TASK REQUIREMENTS → Once the line containing "this 1618×1080 image." is found, copy it and each subsequent line exactly. Stop at the end of the records below.
===============
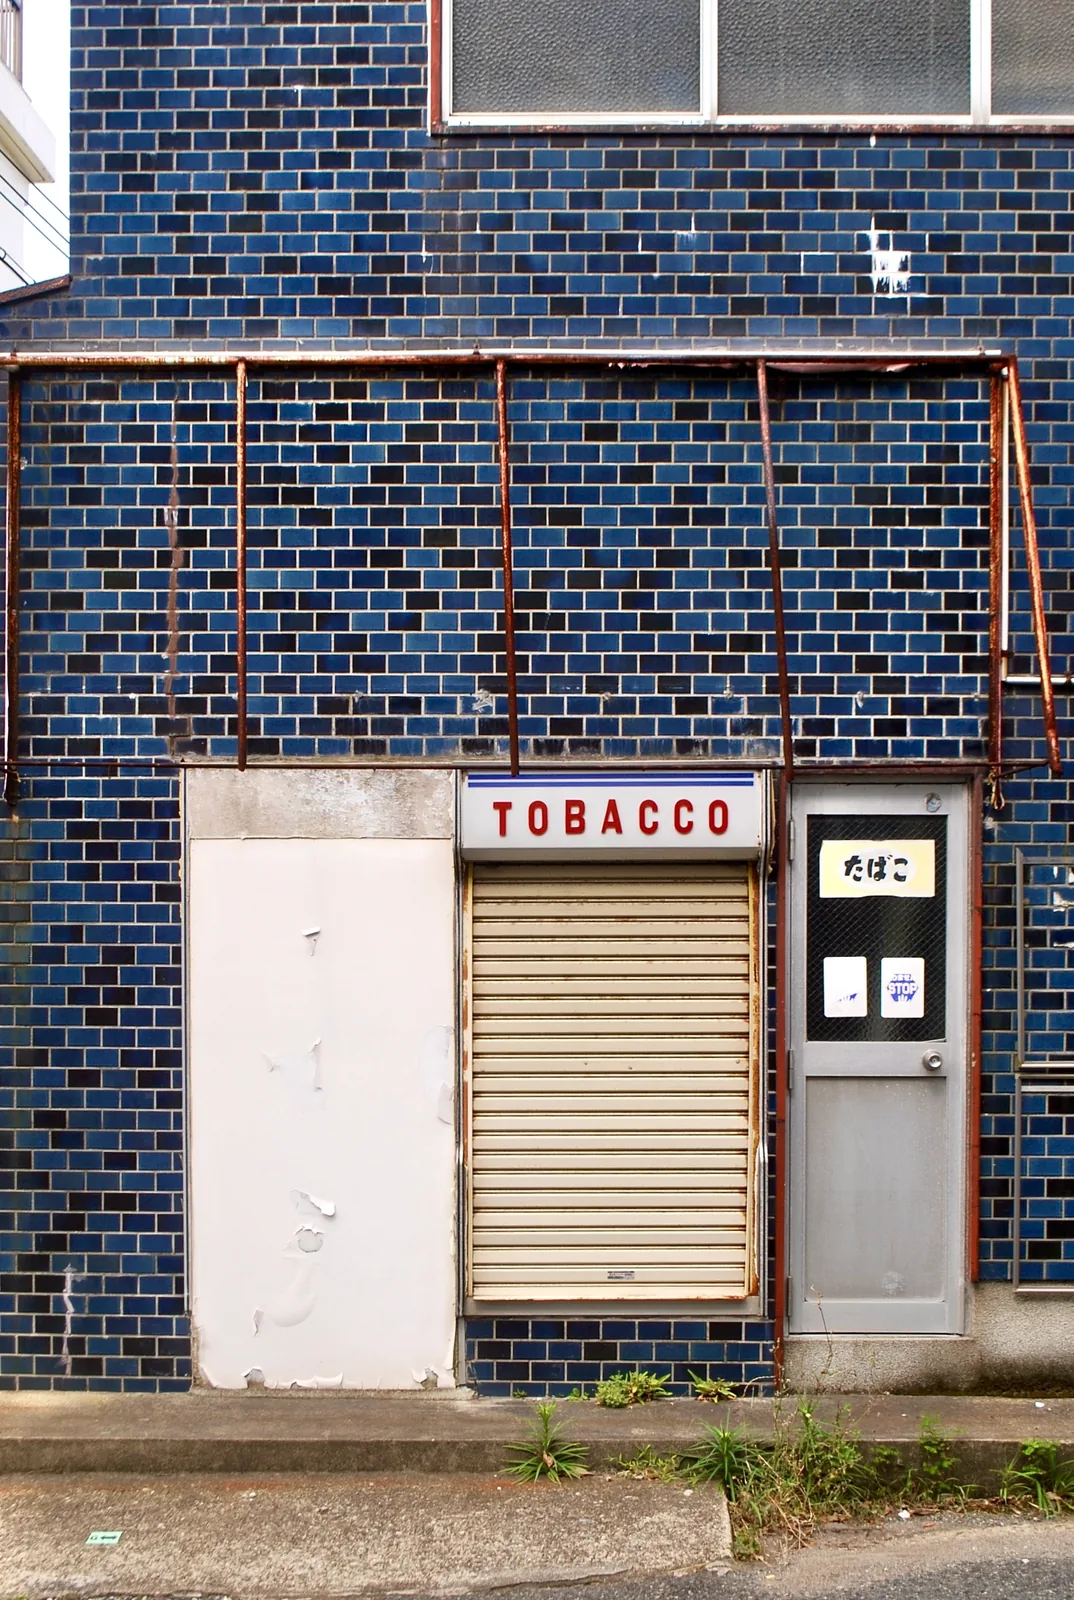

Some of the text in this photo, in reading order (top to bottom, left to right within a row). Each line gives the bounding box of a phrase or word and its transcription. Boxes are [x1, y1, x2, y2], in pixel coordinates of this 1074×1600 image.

[492, 799, 729, 837] TOBACCO
[844, 854, 909, 882] たばこ
[888, 982, 917, 995] STOP
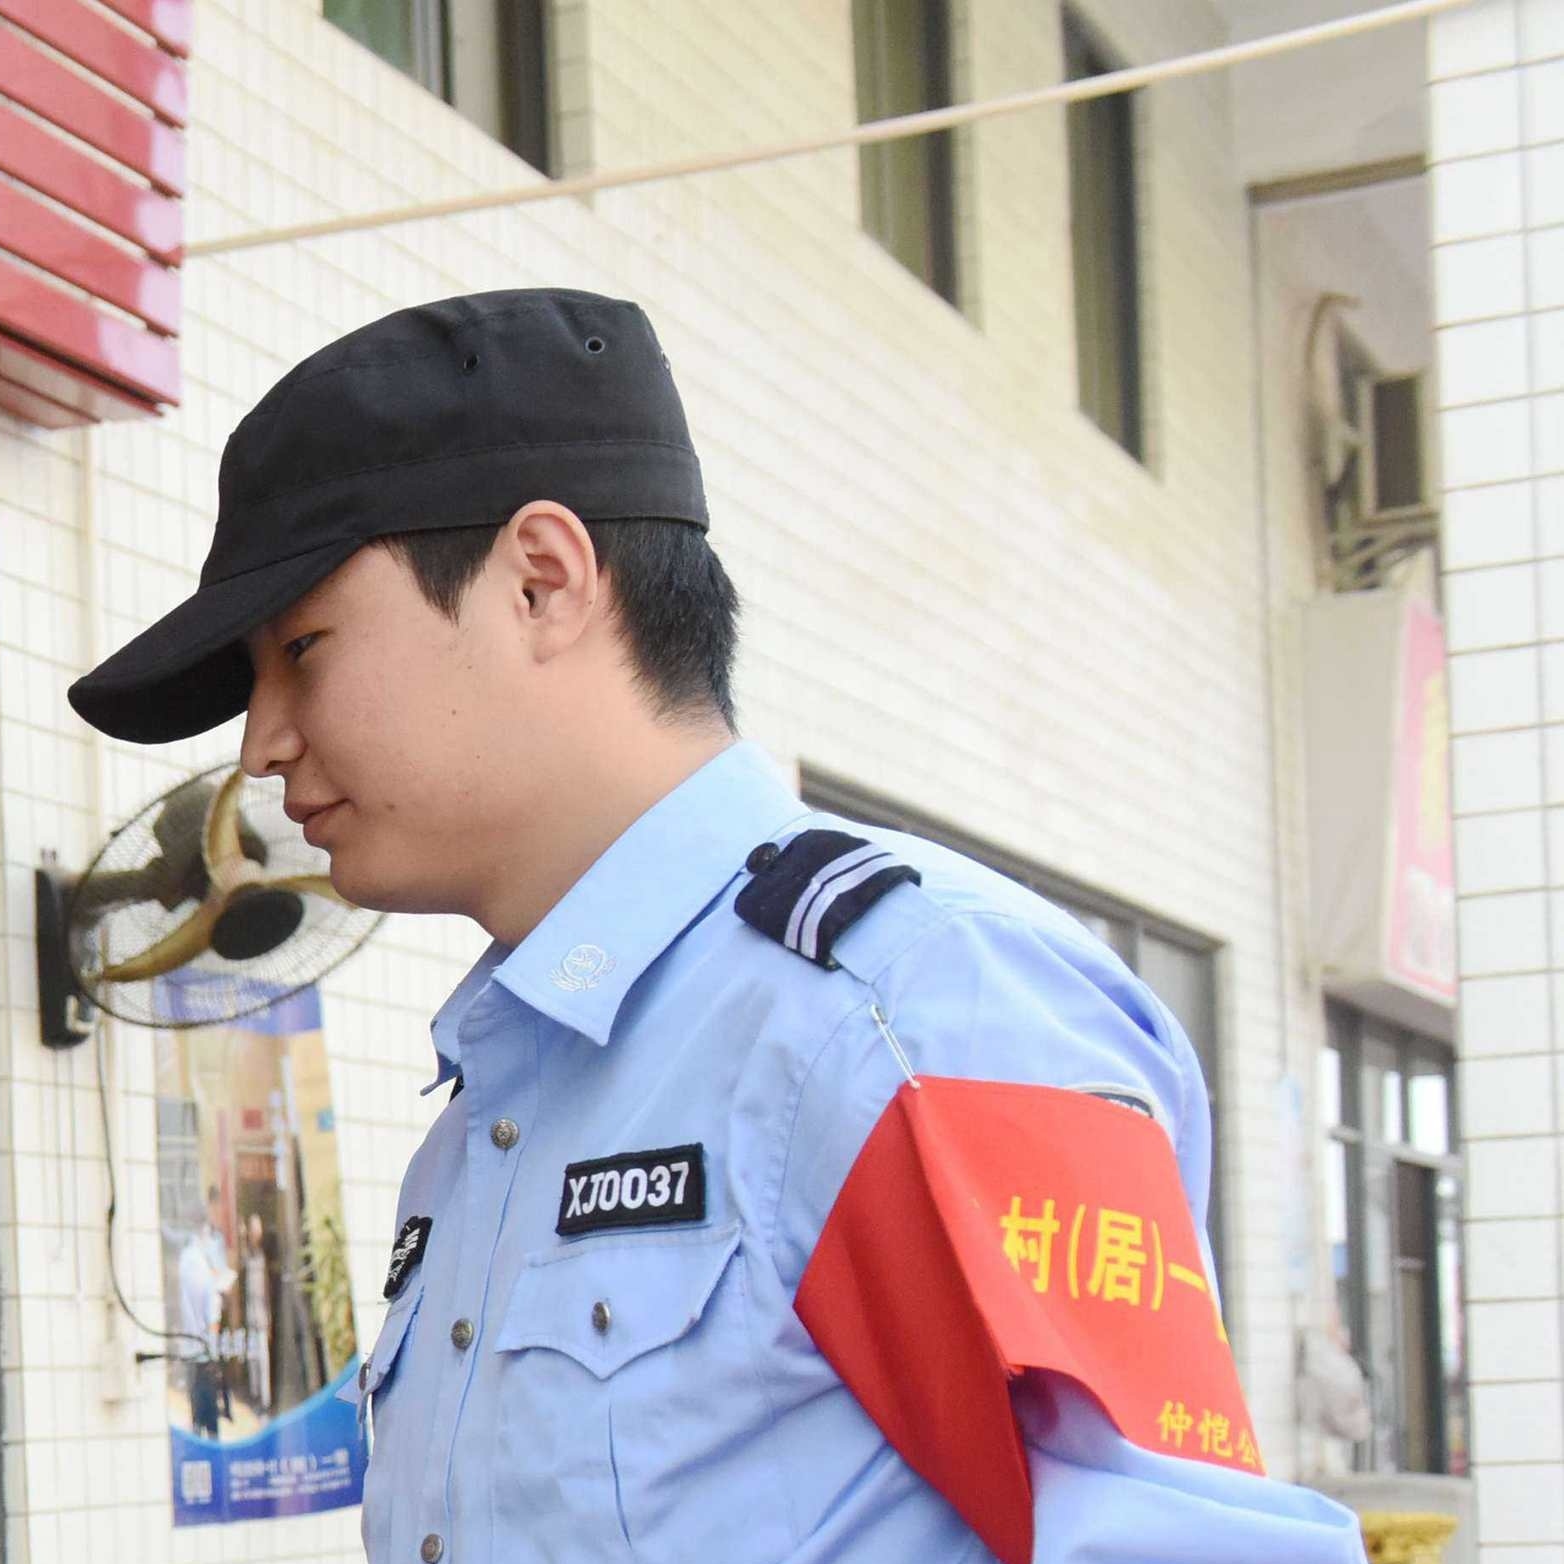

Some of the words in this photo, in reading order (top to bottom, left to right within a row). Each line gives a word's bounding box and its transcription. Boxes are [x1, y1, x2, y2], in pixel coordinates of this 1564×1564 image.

[565, 1161, 690, 1219] XJ0037
[999, 1196, 1228, 1343] 村(居)一
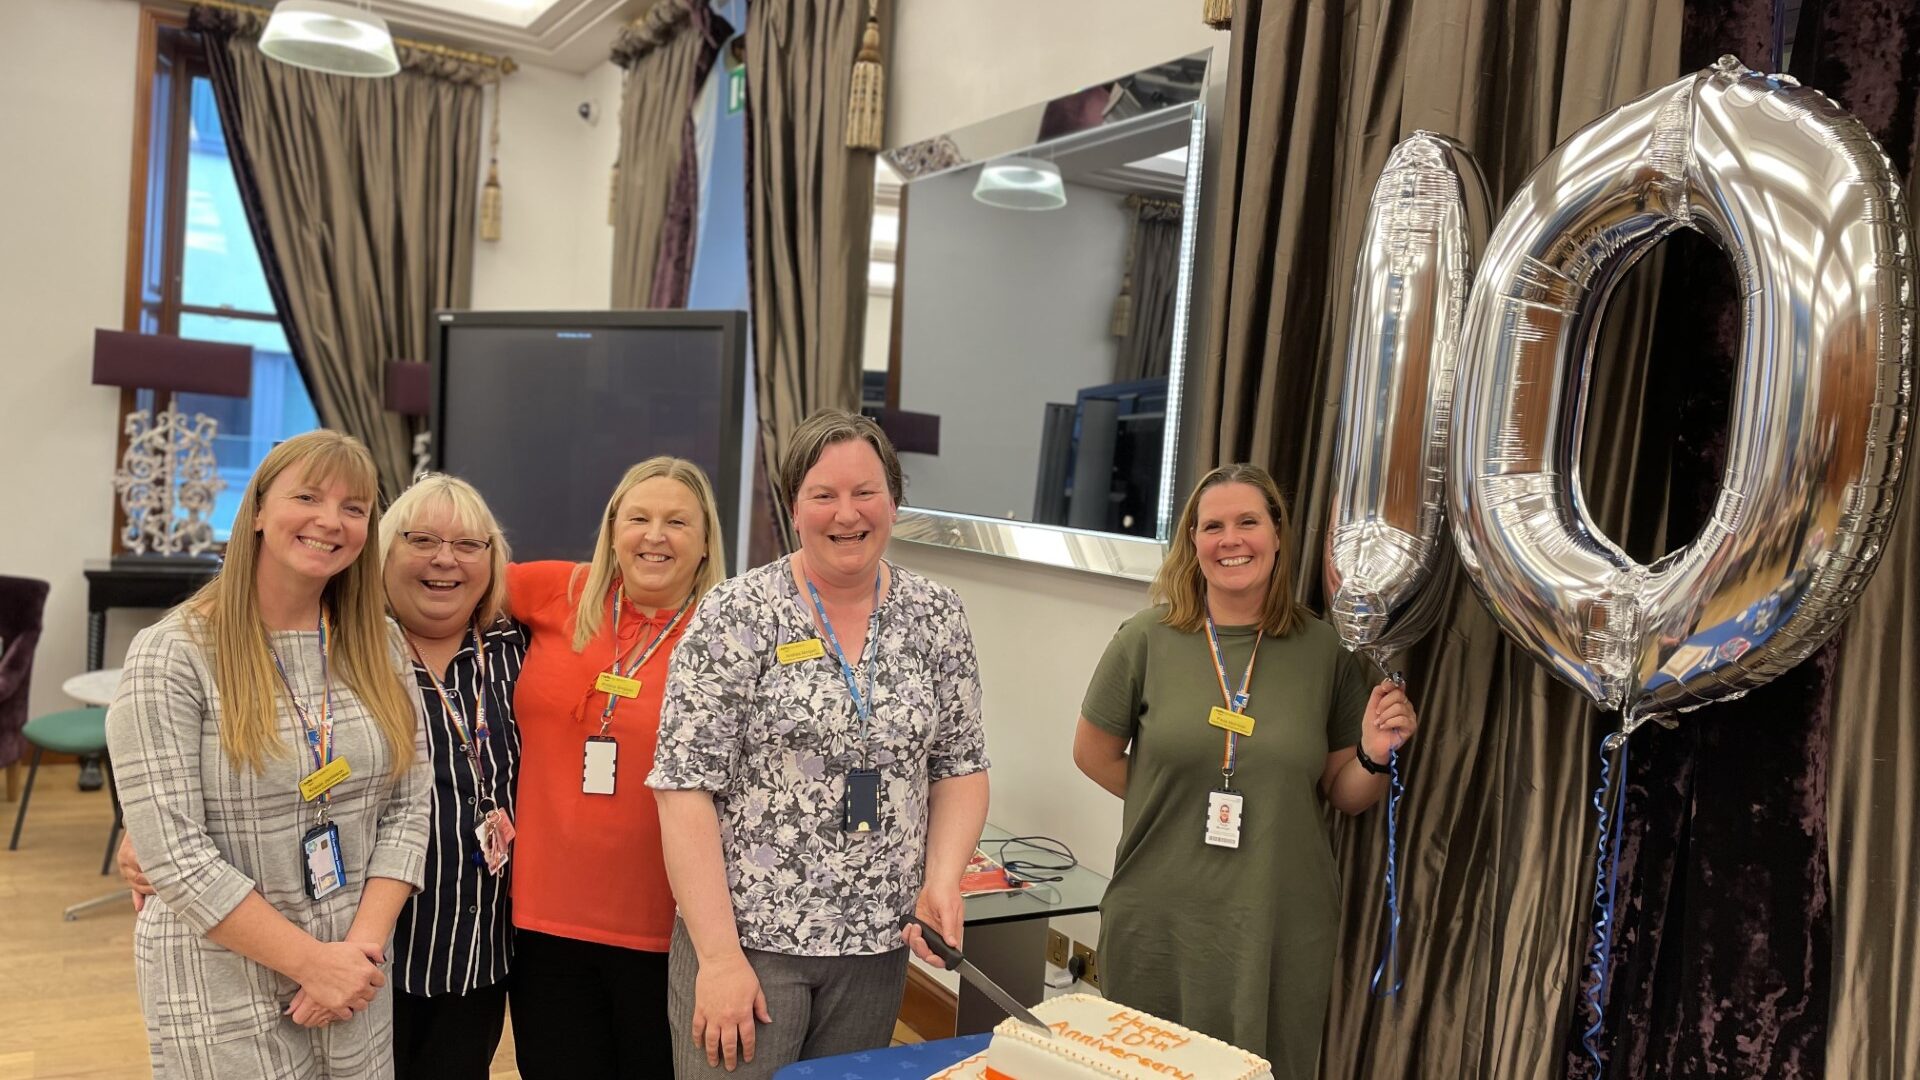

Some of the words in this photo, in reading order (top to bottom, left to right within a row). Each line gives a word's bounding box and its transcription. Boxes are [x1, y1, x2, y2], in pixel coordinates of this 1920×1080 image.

[453, 711, 465, 727] NHS
[478, 707, 486, 724] NHS
[1107, 1011, 1191, 1049] Happy
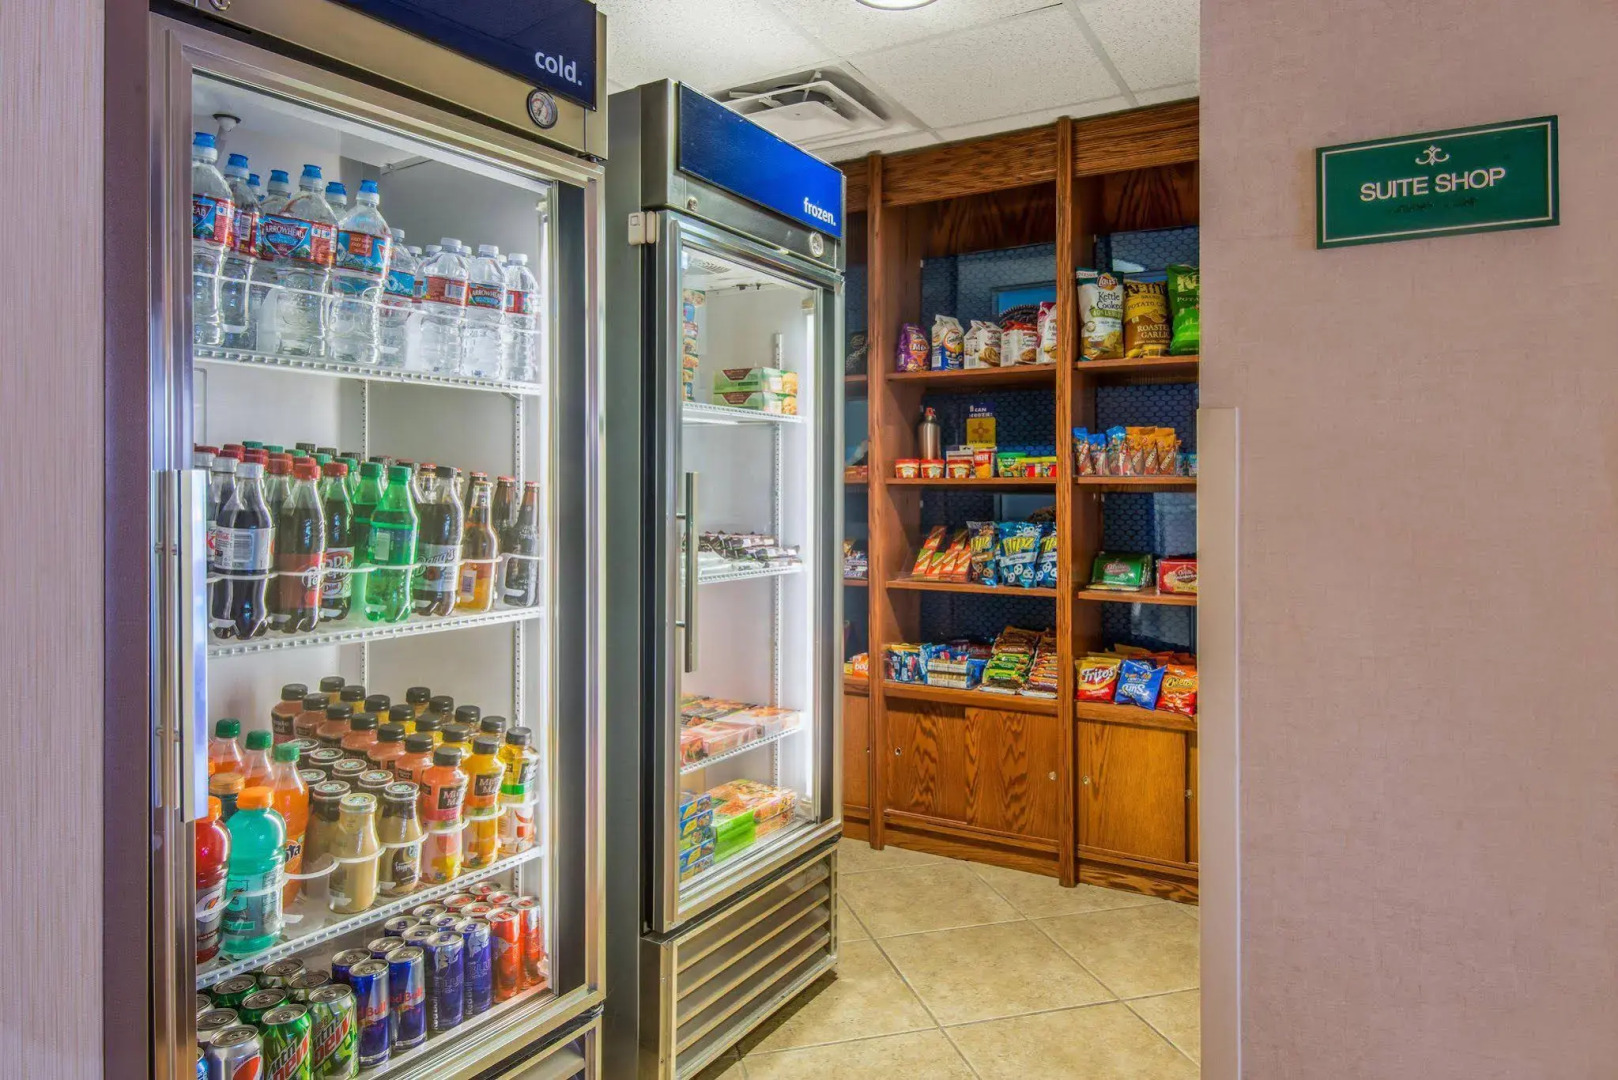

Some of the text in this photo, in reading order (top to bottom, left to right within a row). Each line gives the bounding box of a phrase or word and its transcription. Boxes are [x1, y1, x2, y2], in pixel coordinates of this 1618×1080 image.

[534, 51, 583, 87] cold.
[1360, 167, 1506, 202] SUITE SHOP
[803, 197, 837, 227] frozen.
[265, 224, 304, 239] ARROWHEAD
[1097, 291, 1121, 301] Kettle
[1081, 668, 1115, 683] Fritos
[1166, 677, 1194, 688] Cheetos
===============
RESPONSE TO THIS TASK →
Some of the text in this photo, in reading order (top to bottom, left to right within a row). Each line gives the bounding box of a phrase or word and its transcription. Boxes are [x1, y1, x2, y2], in pixel coordinates of this 1618×1080 image.

[534, 51, 583, 87] cold.
[1360, 167, 1506, 202] SUITE SHOP
[803, 197, 837, 227] frozen.
[265, 224, 304, 239] ARROWHEAD
[1097, 291, 1121, 301] Kettle
[1081, 668, 1115, 683] Fritos
[1166, 677, 1194, 688] Cheetos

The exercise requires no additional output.